YOUR ASSIGNMENT: Nothing but the records themselves, exactly as written, should appear in the reply; leave out the pictures.

Collected data:
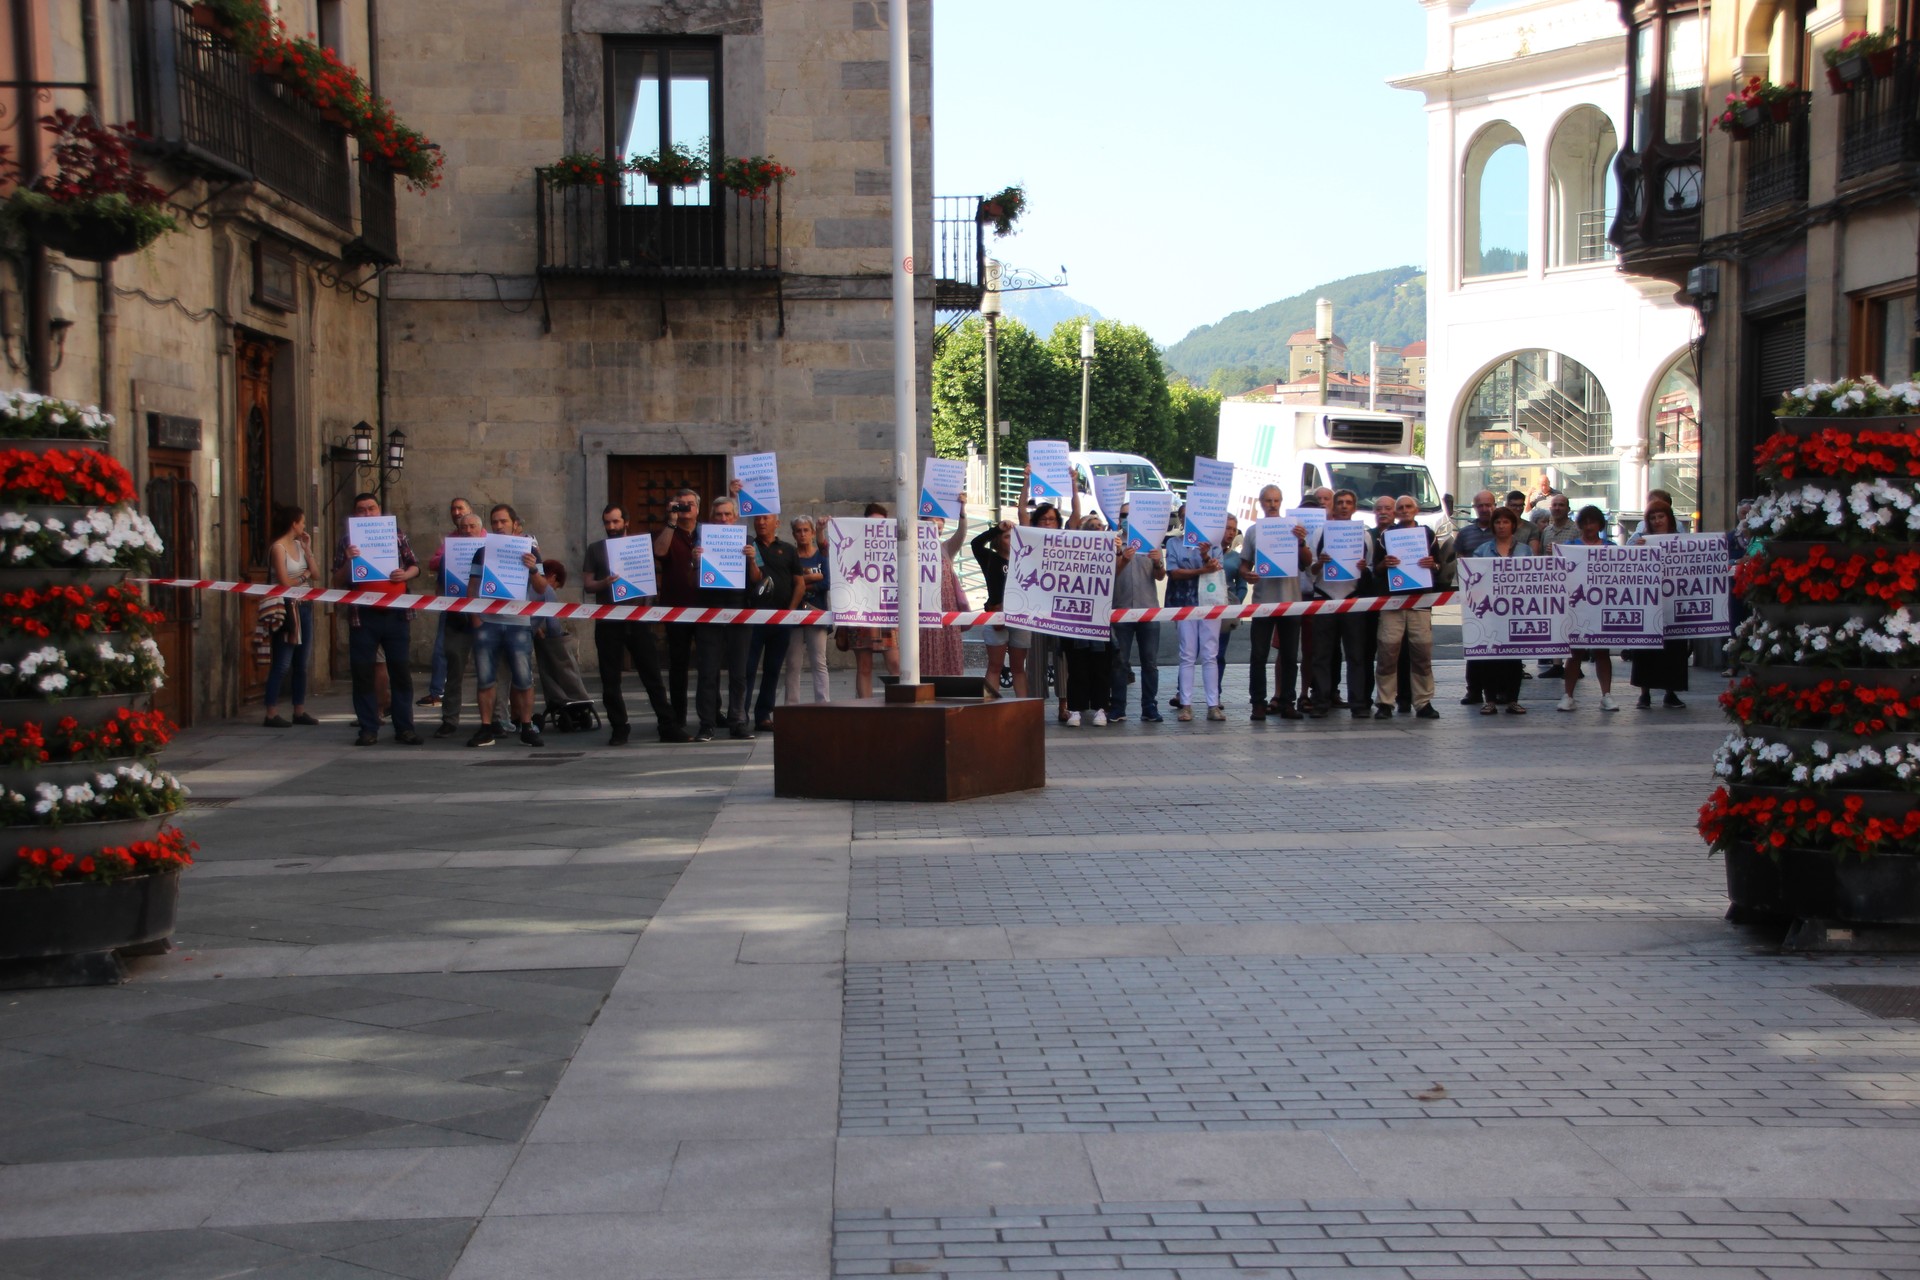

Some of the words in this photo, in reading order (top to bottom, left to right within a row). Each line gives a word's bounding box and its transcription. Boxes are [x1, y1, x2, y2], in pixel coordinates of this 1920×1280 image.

[864, 524, 937, 539] HELEN
[864, 540, 937, 550] EGOITAKO
[864, 552, 937, 562] HITZAENA
[1043, 549, 1114, 562] EGOITZETAKO
[1042, 560, 1112, 575] HITZARMENA
[1493, 558, 1566, 572] HELDUEN
[1587, 563, 1660, 573] EGOITZETAKO
[864, 564, 936, 583] ORN
[1493, 573, 1566, 583] EGOITZETAKO
[1587, 575, 1660, 585] HITZARMENA
[1040, 573, 1110, 596] ORAIN
[1493, 584, 1566, 595] HITZARMENA
[1662, 576, 1726, 597] ORAIN
[1587, 587, 1658, 605] ORAIN
[1055, 599, 1091, 614] LAB
[1493, 597, 1565, 616] ORAIN
[1676, 601, 1710, 615] LAB
[1604, 612, 1641, 624] LAB
[1006, 615, 1037, 626] EMAKUME
[1039, 622, 1073, 632] LANGILEOK
[1075, 627, 1110, 636] BORROKAN
[1511, 621, 1548, 634] LAB
[1698, 625, 1729, 633] BORROKAN

TASK RESULT:
Some of the words in this photo, in reading order (top to bottom, left to right within a row). Each line gives a word's bounding box and its transcription. Boxes are [x1, y1, x2, y2], in pixel coordinates of this 1920×1280 image.

[864, 524, 937, 539] HELEN
[864, 540, 937, 550] EGOITAKO
[864, 552, 937, 562] HITZAENA
[1043, 549, 1114, 562] EGOITZETAKO
[1042, 560, 1112, 575] HITZARMENA
[1493, 558, 1566, 572] HELDUEN
[1587, 563, 1660, 573] EGOITZETAKO
[864, 564, 936, 583] ORN
[1493, 573, 1566, 583] EGOITZETAKO
[1587, 575, 1660, 585] HITZARMENA
[1040, 573, 1110, 596] ORAIN
[1493, 584, 1566, 595] HITZARMENA
[1662, 576, 1726, 597] ORAIN
[1587, 587, 1658, 605] ORAIN
[1055, 599, 1091, 614] LAB
[1493, 597, 1565, 616] ORAIN
[1676, 601, 1710, 615] LAB
[1604, 612, 1641, 624] LAB
[1006, 615, 1037, 626] EMAKUME
[1039, 622, 1073, 632] LANGILEOK
[1075, 627, 1110, 636] BORROKAN
[1511, 621, 1548, 634] LAB
[1698, 625, 1729, 633] BORROKAN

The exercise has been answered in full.